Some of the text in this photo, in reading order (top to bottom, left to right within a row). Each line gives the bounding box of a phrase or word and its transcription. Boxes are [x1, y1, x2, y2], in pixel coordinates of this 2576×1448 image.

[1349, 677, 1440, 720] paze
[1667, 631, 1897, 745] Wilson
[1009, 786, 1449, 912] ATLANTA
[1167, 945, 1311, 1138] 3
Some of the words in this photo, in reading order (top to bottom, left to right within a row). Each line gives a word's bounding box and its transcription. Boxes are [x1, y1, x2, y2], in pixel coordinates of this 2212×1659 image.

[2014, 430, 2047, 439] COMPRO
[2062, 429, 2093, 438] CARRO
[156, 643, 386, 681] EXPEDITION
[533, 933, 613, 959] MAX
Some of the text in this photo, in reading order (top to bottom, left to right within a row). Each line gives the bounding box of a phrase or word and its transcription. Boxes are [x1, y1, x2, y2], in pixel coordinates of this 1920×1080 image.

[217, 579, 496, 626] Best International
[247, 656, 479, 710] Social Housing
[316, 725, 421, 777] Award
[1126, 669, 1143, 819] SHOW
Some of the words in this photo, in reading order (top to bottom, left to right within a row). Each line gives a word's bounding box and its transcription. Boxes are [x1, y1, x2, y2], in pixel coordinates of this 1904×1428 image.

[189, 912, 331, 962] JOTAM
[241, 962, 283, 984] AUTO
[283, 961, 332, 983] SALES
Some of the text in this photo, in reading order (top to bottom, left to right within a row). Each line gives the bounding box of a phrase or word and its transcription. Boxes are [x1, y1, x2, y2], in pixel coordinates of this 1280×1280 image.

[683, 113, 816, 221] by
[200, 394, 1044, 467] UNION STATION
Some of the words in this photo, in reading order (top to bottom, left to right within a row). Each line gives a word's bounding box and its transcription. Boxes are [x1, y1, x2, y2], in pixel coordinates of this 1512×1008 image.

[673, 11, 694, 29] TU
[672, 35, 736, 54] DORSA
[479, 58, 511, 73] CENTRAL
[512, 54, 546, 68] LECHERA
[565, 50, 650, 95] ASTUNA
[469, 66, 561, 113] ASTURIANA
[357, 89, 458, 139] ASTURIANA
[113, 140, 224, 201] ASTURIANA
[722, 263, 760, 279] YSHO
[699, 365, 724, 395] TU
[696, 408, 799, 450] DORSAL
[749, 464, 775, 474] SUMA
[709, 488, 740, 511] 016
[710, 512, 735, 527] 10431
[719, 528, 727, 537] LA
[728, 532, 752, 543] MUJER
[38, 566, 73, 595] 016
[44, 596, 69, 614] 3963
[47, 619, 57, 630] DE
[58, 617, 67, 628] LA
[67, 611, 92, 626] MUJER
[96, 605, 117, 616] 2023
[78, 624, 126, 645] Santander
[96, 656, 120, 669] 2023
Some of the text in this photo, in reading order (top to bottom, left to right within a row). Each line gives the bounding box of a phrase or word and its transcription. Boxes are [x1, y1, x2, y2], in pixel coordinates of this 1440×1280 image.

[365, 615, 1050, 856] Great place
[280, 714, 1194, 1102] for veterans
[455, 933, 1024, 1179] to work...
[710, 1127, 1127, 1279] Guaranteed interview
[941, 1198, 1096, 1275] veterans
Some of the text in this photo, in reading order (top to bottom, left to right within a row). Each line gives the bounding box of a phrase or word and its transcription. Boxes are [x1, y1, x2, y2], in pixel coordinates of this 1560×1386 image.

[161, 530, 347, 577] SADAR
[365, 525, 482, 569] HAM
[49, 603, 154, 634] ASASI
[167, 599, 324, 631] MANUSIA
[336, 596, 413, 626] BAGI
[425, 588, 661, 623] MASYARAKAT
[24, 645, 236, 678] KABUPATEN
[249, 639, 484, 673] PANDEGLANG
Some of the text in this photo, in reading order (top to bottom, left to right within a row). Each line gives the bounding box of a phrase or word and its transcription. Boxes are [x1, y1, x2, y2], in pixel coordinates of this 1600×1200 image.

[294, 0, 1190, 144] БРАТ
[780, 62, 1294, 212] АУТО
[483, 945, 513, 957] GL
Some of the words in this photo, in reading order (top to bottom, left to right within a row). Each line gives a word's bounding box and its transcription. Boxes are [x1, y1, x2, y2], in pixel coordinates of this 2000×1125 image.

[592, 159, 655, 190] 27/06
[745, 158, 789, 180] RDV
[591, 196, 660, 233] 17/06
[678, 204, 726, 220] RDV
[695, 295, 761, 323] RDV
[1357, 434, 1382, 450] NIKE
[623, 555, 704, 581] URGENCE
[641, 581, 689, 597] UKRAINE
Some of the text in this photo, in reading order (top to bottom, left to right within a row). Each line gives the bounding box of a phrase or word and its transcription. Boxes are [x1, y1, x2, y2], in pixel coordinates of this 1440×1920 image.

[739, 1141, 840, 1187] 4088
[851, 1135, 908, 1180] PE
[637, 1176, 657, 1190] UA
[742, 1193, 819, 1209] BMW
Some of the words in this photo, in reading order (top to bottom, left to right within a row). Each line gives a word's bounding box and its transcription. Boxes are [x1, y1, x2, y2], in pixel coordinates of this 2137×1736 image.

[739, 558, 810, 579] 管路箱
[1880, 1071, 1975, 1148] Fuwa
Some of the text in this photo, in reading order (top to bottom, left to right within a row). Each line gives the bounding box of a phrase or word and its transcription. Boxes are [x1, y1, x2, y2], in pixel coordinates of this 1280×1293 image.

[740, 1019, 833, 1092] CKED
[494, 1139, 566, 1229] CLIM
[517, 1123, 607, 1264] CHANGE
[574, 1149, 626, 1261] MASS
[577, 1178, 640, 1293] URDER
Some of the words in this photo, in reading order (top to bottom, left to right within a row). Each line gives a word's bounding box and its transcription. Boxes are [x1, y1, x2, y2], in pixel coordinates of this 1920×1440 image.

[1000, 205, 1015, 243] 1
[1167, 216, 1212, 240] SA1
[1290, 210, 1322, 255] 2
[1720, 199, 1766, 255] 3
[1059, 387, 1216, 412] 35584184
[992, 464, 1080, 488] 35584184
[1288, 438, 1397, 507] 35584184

* * * *

• **Exercise instructions**:
Your response must contain all of the records, copied exactly.

• **Response**:
Some of the text in this photo, in reading order (top to bottom, left to right within a row). Each line gives the bounding box of a phrase or word and its transcription. Boxes are [x1, y1, x2, y2], in pixel coordinates of this 2576×1448 image.

[1349, 677, 1440, 720] paze
[1667, 631, 1897, 745] Wilson
[1009, 786, 1449, 912] ATLANTA
[1167, 945, 1311, 1138] 3
Some of the words in this photo, in reading order (top to bottom, left to right within a row). Each line gives a word's bounding box and its transcription. Boxes are [x1, y1, x2, y2], in pixel coordinates of this 2212×1659 image.

[2014, 430, 2047, 439] COMPRO
[2062, 429, 2093, 438] CARRO
[156, 643, 386, 681] EXPEDITION
[533, 933, 613, 959] MAX
Some of the text in this photo, in reading order (top to bottom, left to right within a row). Each line gives the bounding box of a phrase or word and its transcription. Boxes are [x1, y1, x2, y2], in pixel coordinates of this 1920×1080 image.

[217, 579, 496, 626] Best International
[247, 656, 479, 710] Social Housing
[316, 725, 421, 777] Award
[1126, 669, 1143, 819] SHOW
Some of the words in this photo, in reading order (top to bottom, left to right within a row). Each line gives a word's bounding box and its transcription. Boxes are [x1, y1, x2, y2], in pixel coordinates of this 1904×1428 image.

[189, 912, 331, 962] JOTAM
[241, 962, 283, 984] AUTO
[283, 961, 332, 983] SALES
Some of the text in this photo, in reading order (top to bottom, left to right within a row). Each line gives the bounding box of a phrase or word and its transcription. Boxes are [x1, y1, x2, y2], in pixel coordinates of this 1280×1280 image.

[683, 113, 816, 221] by
[200, 394, 1044, 467] UNION STATION
Some of the words in this photo, in reading order (top to bottom, left to right within a row). Each line gives a word's bounding box and its transcription. Boxes are [x1, y1, x2, y2], in pixel coordinates of this 1512×1008 image.

[673, 11, 694, 29] TU
[672, 35, 736, 54] DORSA
[479, 58, 511, 73] CENTRAL
[512, 54, 546, 68] LECHERA
[565, 50, 650, 95] ASTUNA
[469, 66, 561, 113] ASTURIANA
[357, 89, 458, 139] ASTURIANA
[113, 140, 224, 201] ASTURIANA
[722, 263, 760, 279] YSHO
[699, 365, 724, 395] TU
[696, 408, 799, 450] DORSAL
[749, 464, 775, 474] SUMA
[709, 488, 740, 511] 016
[710, 512, 735, 527] 10431
[719, 528, 727, 537] LA
[728, 532, 752, 543] MUJER
[38, 566, 73, 595] 016
[44, 596, 69, 614] 3963
[47, 619, 57, 630] DE
[58, 617, 67, 628] LA
[67, 611, 92, 626] MUJER
[96, 605, 117, 616] 2023
[78, 624, 126, 645] Santander
[96, 656, 120, 669] 2023
Some of the text in this photo, in reading order (top to bottom, left to right within a row). Each line gives the bounding box of a phrase or word and its transcription. Boxes are [x1, y1, x2, y2], in pixel coordinates of this 1440×1280 image.

[365, 615, 1050, 856] Great place
[280, 714, 1194, 1102] for veterans
[455, 933, 1024, 1179] to work...
[710, 1127, 1127, 1279] Guaranteed interview
[941, 1198, 1096, 1275] veterans
Some of the text in this photo, in reading order (top to bottom, left to right within a row). Each line gives the bounding box of a phrase or word and its transcription. Boxes are [x1, y1, x2, y2], in pixel coordinates of this 1560×1386 image.

[161, 530, 347, 577] SADAR
[365, 525, 482, 569] HAM
[49, 603, 154, 634] ASASI
[167, 599, 324, 631] MANUSIA
[336, 596, 413, 626] BAGI
[425, 588, 661, 623] MASYARAKAT
[24, 645, 236, 678] KABUPATEN
[249, 639, 484, 673] PANDEGLANG
Some of the text in this photo, in reading order (top to bottom, left to right within a row). Each line gives the bounding box of a phrase or word and its transcription. Boxes are [x1, y1, x2, y2], in pixel coordinates of this 1600×1200 image.

[294, 0, 1190, 144] БРАТ
[780, 62, 1294, 212] АУТО
[483, 945, 513, 957] GL
Some of the words in this photo, in reading order (top to bottom, left to right within a row). Each line gives a word's bounding box and its transcription. Boxes are [x1, y1, x2, y2], in pixel coordinates of this 2000×1125 image.

[592, 159, 655, 190] 27/06
[745, 158, 789, 180] RDV
[591, 196, 660, 233] 17/06
[678, 204, 726, 220] RDV
[695, 295, 761, 323] RDV
[1357, 434, 1382, 450] NIKE
[623, 555, 704, 581] URGENCE
[641, 581, 689, 597] UKRAINE
Some of the text in this photo, in reading order (top to bottom, left to right within a row). Each line gives the bounding box of a phrase or word and its transcription. Boxes are [x1, y1, x2, y2], in pixel coordinates of this 1440×1920 image.

[739, 1141, 840, 1187] 4088
[851, 1135, 908, 1180] PE
[637, 1176, 657, 1190] UA
[742, 1193, 819, 1209] BMW
Some of the words in this photo, in reading order (top to bottom, left to right within a row). Each line gives a word's bounding box and its transcription. Boxes are [x1, y1, x2, y2], in pixel coordinates of this 2137×1736 image.

[739, 558, 810, 579] 管路箱
[1880, 1071, 1975, 1148] Fuwa
Some of the text in this photo, in reading order (top to bottom, left to right within a row). Each line gives the bounding box of a phrase or word and its transcription. Boxes are [x1, y1, x2, y2], in pixel coordinates of this 1280×1293 image.

[740, 1019, 833, 1092] CKED
[494, 1139, 566, 1229] CLIM
[517, 1123, 607, 1264] CHANGE
[574, 1149, 626, 1261] MASS
[577, 1178, 640, 1293] URDER
Some of the words in this photo, in reading order (top to bottom, left to right within a row). Each line gives a word's bounding box and its transcription. Boxes are [x1, y1, x2, y2], in pixel coordinates of this 1920×1440 image.

[1000, 205, 1015, 243] 1
[1167, 216, 1212, 240] SA1
[1290, 210, 1322, 255] 2
[1720, 199, 1766, 255] 3
[1059, 387, 1216, 412] 35584184
[992, 464, 1080, 488] 35584184
[1288, 438, 1397, 507] 35584184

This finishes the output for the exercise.